Segment Open
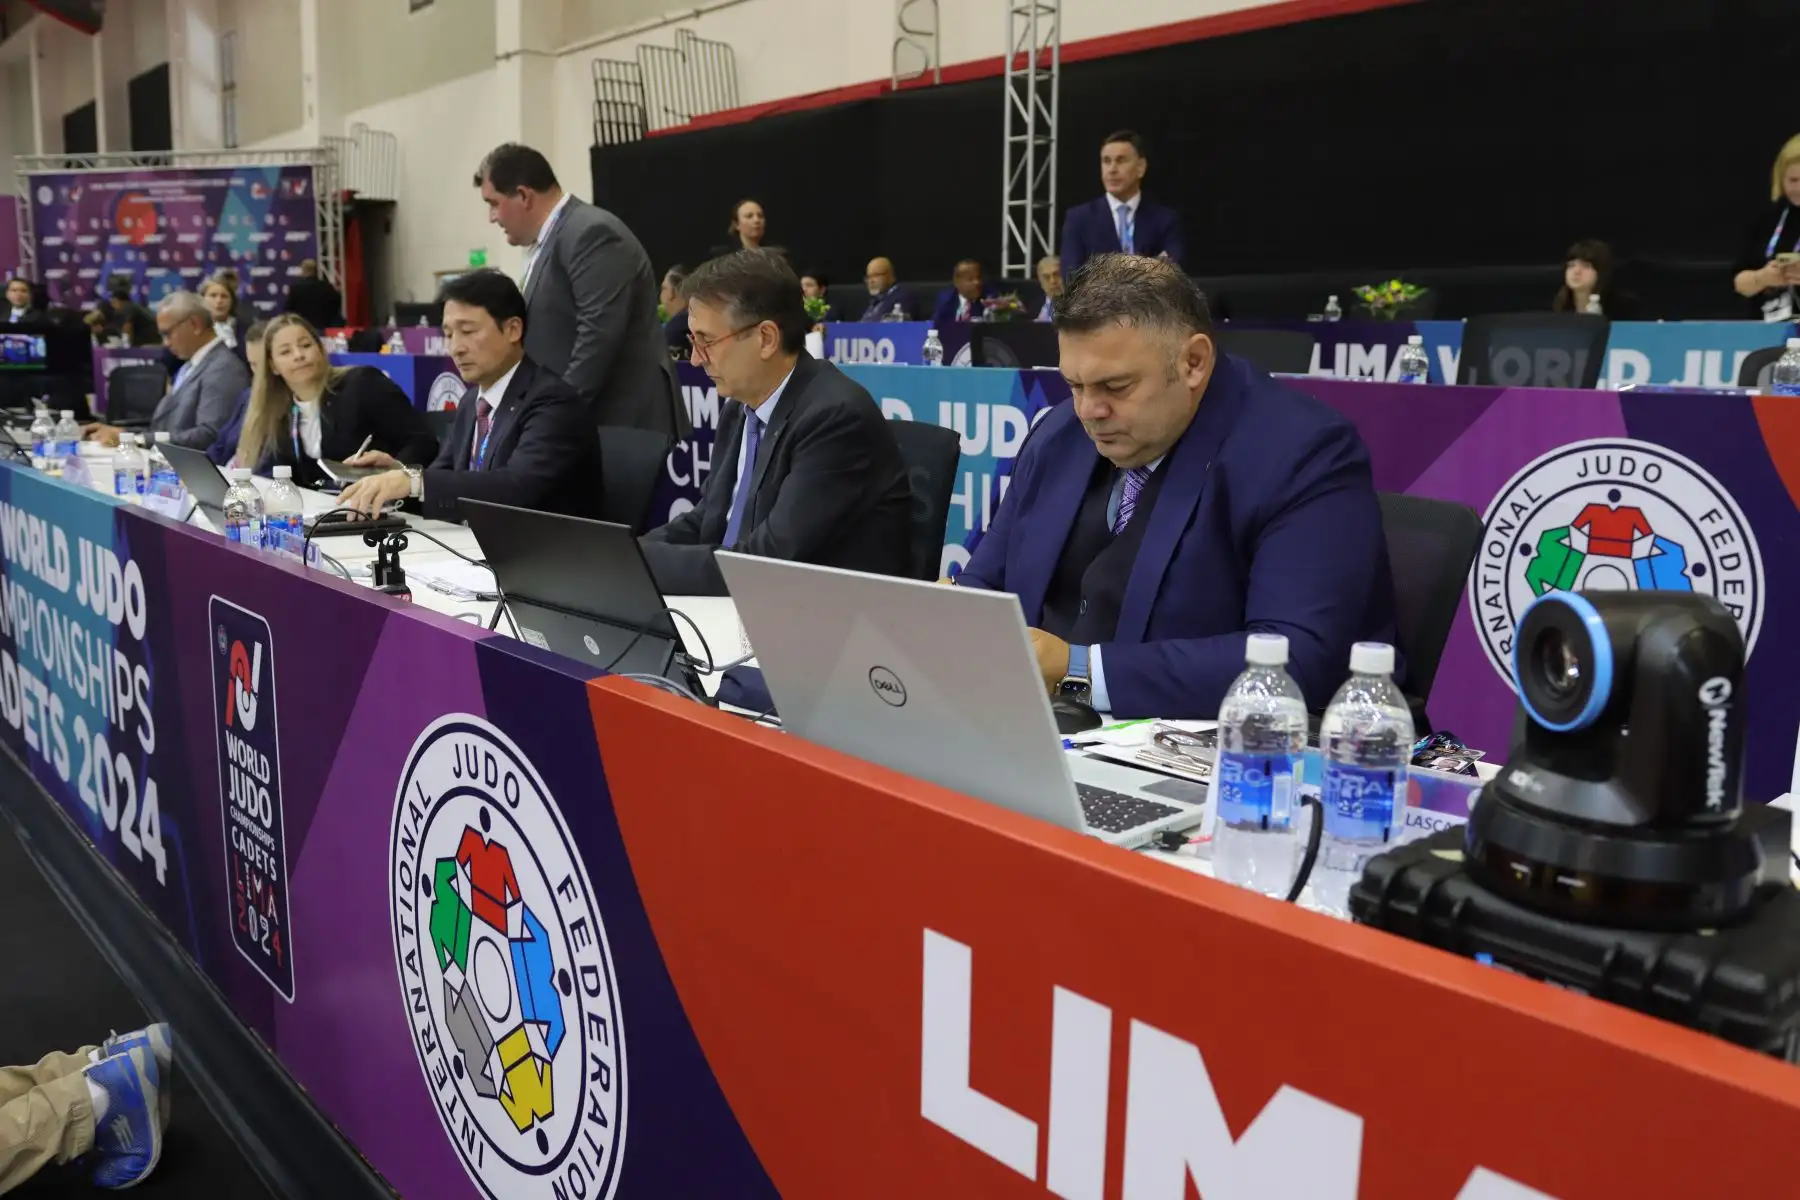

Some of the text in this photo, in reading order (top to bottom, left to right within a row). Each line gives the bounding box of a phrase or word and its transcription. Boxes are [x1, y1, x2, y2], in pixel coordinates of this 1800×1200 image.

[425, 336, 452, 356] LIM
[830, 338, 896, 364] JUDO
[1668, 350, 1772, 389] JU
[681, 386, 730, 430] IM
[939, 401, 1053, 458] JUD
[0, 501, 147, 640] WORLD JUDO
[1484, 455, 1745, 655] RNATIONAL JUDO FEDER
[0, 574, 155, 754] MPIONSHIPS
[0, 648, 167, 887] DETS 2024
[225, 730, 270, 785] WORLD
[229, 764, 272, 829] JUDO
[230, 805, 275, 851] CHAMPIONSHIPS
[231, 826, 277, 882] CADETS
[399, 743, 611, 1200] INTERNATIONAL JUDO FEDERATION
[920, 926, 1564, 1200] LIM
Segment Closed
• What needs to be done: Output the entries verbatim but drop the images.

• Solution for this exercise:
Some of the text in this photo, in reading order (top to bottom, left to right within a row). Each line gives the bounding box of a phrase or word and its transcription. Boxes are [x1, y1, x2, y2], in pixel coordinates of this 1800×1200 image.

[425, 336, 452, 356] LIM
[830, 338, 896, 364] JUDO
[1668, 350, 1772, 389] JU
[681, 386, 730, 430] IM
[939, 401, 1053, 458] JUD
[0, 501, 147, 640] WORLD JUDO
[1484, 455, 1745, 655] RNATIONAL JUDO FEDER
[0, 574, 155, 754] MPIONSHIPS
[0, 648, 167, 887] DETS 2024
[225, 730, 270, 785] WORLD
[229, 764, 272, 829] JUDO
[230, 805, 275, 851] CHAMPIONSHIPS
[231, 826, 277, 882] CADETS
[399, 743, 611, 1200] INTERNATIONAL JUDO FEDERATION
[920, 926, 1564, 1200] LIM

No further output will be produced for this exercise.